应用菌刺洗脱法高效分离猴头菇单孢

2018-12-12 03:25龚文兵谢纯良周映君朱作华王亚惠彭源德
食药用菌 2018年6期
关键词:平皿单核猴头菇

龚文兵 谢纯良 周映君 朱作华 王亚惠 彭源德

(中国农业科学院麻类研究所,湖南 长沙 410205)

猴头菇[Hericium erinaceus(Bull.) Pers],是一种极为重要的食药用菌,因外形酷似猴头而得名。猴头菇进入人们的饮食由来已久,《临海水土异物志》中称:“民皆好啖猴头羹,虽五肉臛不能及之。”猴头菇栽培起源于中国,是我国目前常规栽培的食药用菌之一[1]。

自1994年Kawagishi等[2]从猴头菇菌丝体中发现一类鸟巢烷型二萜类化合物(猴头菌素),并报道该类化合物具有促进神经生长因子合成活性以来,猴头菇中的二萜类化合物受到了广泛的关注。目前已经从猴头菇中分离到 25种鸟巢烷型二萜类化合物[3-4]。此外,猴头菇中还含有其他类型的活性成分,包括多糖、甾体化合物、生物碱类化合物等,具有保肝护胃、抗癌、抗氧化等多种功效[4]。多年来围绕猴头菇的研究报道主要集中于活性物质的提取与鉴定[5],而对其遗传育种的研究严重滞后,导致新品种选育进程缓慢,严重影响了猴头菇产业的健康发展。

优良的菌种是食药用菌产业可持续发展的基础,杂交育种是食药用菌品种选育中应用最广泛、成效最显著的育种方法之一[6]。猴头菇是异宗结合担子菌,减数分裂后产生有性担孢子[7-8]。可以利用单孢菌株配对进行猴头菇杂交育种,获得性状优良的新品种。杂交育种中最关键的环节是通过单孢分离获得单核体。与香菇等伞菌一样,在猴头菇中通常采用子实体悬挂法分离单孢[7,9]。其方法是将整个子实体置于无菌的孢子收集器中弹射孢子1天左右,制备孢子悬浮液,连续稀释后接种于培养基,再获得单孢菌株。由于猴头菇子实体表面不光滑,担孢子着生于裸露的菌刺上,采用子实体悬挂法分离单孢污染率较高,并且操作时间长。本试验建立一种简单快速的单孢分离方法,旨在推动猴头菇的遗传育种研究。

1 试验材料

1.1 供试菌株

供试菌株为猴头菇杂交子HeC9,由‘常山猴头菇’和‘猴头911’的单核体菌株配对获得。‘常山猴头’和‘猴头 911’菌株由四川省农业科学院土壤肥料研究所王波老师提供。

1.2 供试培养基

MEA培养基:麦芽浸粉 30.0 g,大豆蛋白胨3.0 g,琼脂15.0 g,水1 000 mL。
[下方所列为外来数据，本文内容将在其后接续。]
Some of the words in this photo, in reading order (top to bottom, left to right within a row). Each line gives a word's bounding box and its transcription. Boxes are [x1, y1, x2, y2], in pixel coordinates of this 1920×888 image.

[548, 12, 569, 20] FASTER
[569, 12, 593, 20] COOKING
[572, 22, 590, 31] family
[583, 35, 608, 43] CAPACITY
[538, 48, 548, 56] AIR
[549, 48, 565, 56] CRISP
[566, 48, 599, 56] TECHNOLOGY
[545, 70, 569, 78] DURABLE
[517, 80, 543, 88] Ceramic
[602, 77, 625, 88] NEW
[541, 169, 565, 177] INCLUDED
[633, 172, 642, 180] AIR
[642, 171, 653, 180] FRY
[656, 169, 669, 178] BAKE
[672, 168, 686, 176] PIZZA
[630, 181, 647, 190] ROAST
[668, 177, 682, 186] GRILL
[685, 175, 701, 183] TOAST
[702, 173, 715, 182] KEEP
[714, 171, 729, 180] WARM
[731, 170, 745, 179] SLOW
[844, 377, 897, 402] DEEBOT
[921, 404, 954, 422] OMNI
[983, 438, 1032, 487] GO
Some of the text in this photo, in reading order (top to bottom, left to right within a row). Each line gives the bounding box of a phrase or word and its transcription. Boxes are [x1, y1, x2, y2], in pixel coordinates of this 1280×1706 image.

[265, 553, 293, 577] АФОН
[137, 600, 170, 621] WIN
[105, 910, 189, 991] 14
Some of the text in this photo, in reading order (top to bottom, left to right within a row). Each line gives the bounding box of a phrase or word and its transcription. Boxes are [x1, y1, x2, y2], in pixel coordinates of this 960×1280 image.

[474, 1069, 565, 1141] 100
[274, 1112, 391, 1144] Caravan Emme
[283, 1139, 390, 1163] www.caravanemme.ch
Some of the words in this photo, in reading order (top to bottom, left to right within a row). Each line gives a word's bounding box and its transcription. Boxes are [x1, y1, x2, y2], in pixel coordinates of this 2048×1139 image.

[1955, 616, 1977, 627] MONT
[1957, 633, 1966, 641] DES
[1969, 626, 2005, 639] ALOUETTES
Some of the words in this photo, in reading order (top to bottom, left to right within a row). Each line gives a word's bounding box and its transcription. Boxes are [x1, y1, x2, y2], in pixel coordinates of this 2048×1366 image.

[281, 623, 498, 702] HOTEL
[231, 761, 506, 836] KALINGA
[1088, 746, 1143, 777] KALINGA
100 mg/mL氨苄青霉素配置:称取5 g氨苄青霉素置于50 mL 离心管中,加入40 mL无菌水,充分混匀后定容至50 mL。采用0.22 μm 滤膜过滤,灭菌,分装后置于-20 ℃下保存备用。

2 试验方法

2.1 孢子采集

参照于海龙等[10]的方法进行猴头菇栽培,子实体八成熟时采收。在超净工作台上,用75%的酒精对猴头菇子实体进行消毒。分两种方法收集单孢,一为子实体悬挂弹射法。选择9个猴头菇子实体进行单孢分离,用灭菌的500 mL 烧杯作为孢子收集器收集单孢,孢子弹射时间为24 h。另一为菌刺洗脱法。将2 μL 100 mg/mL氨苄青霉素加入含有2 mL无菌水的离心管中,用无菌的镊子挑取1个猴头菇子实体上的9根菌刺,放入上述氨苄青霉素溶液中清洗数次,再将清洗后的菌刺放入含有2 mL 无菌水的离心管中摇晃数次,即制成猴头菇孢子悬浮液(菌刺洗脱法)。每根菌刺制备1管孢子悬浮液。

2.2 单孢分离

采用连续稀释法进行猴头菇孢子的分离。通过连续稀释孢子液,使孢子分散到较低浓度,再取200 μL稀释后的猴头菇孢子悬浮液,用玻棒均匀涂布于含有氨苄青霉素的MEA培养基中(20 mL培养基中加入20 μL 100 mg/mL氨苄青霉素),然后将培养皿置于恒温箱内,25 ℃避光培养。

2.3 单核菌丝鉴定

待孢子萌发至肉眼可见,即刻挑取单菌落,置于新培养基中继续培养。待培养皿中的菌落长到1~2 cm时,置于显微镜下观察,没有锁状联合即是由担孢子萌发而生成的单核菌丝。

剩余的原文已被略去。